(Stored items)
::::
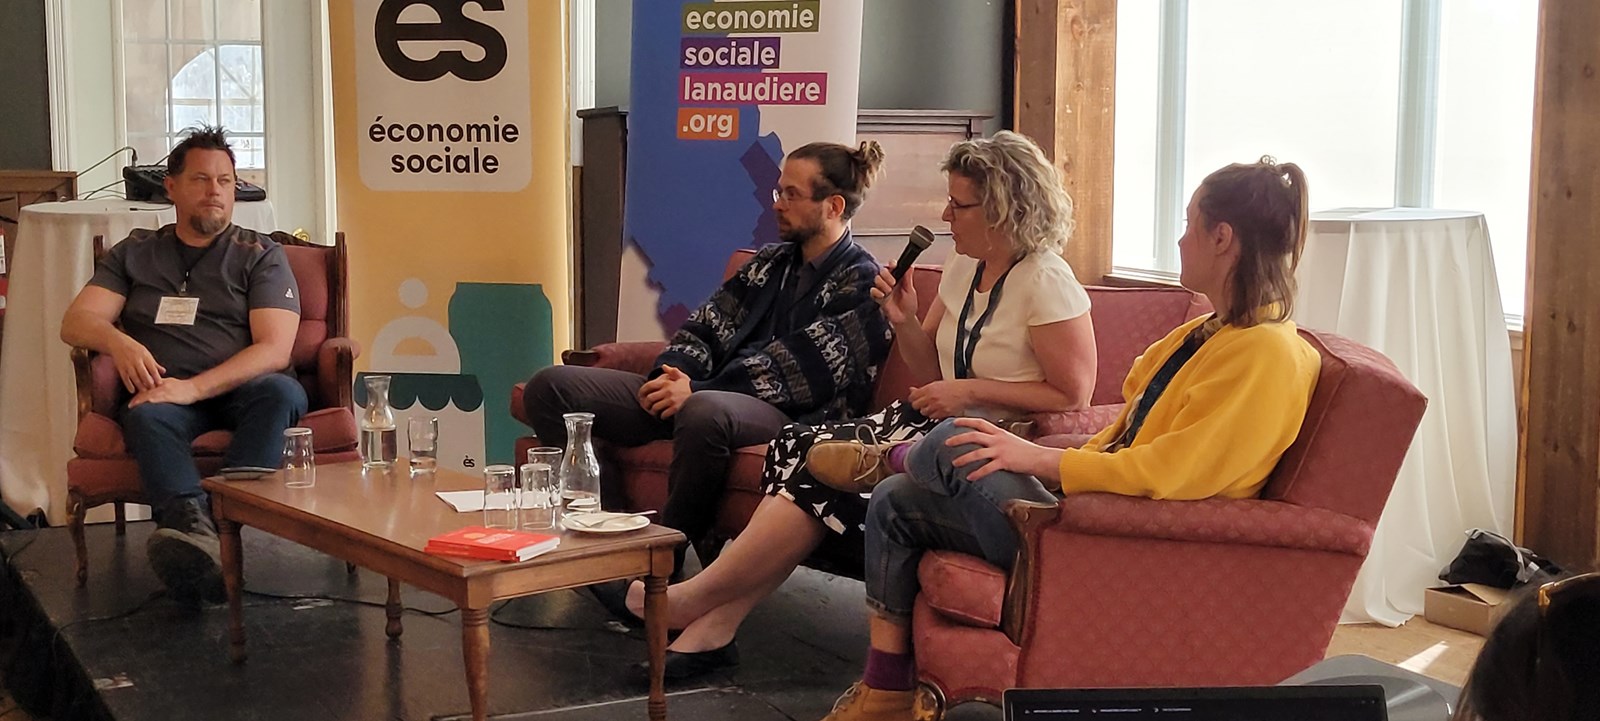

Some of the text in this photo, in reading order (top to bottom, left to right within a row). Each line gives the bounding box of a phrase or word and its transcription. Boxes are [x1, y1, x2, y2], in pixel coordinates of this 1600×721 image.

[685, 3, 815, 30] economie
[684, 41, 776, 66] sociale
[684, 76, 821, 102] lanaudiere
[368, 115, 520, 143] économie
[682, 112, 733, 138] .org
[390, 146, 499, 174] sociale
::::
| WORK ITEM |
Could you set down every entry above exactly as it stands, with no images?

| EXPECTED ANSWER |
Some of the text in this photo, in reading order (top to bottom, left to right within a row). Each line gives the bounding box of a phrase or word and its transcription. Boxes are [x1, y1, x2, y2], in pixel coordinates of this 1600×721 image.

[685, 3, 815, 30] economie
[684, 41, 776, 66] sociale
[684, 76, 821, 102] lanaudiere
[368, 115, 520, 143] économie
[682, 112, 733, 138] .org
[390, 146, 499, 174] sociale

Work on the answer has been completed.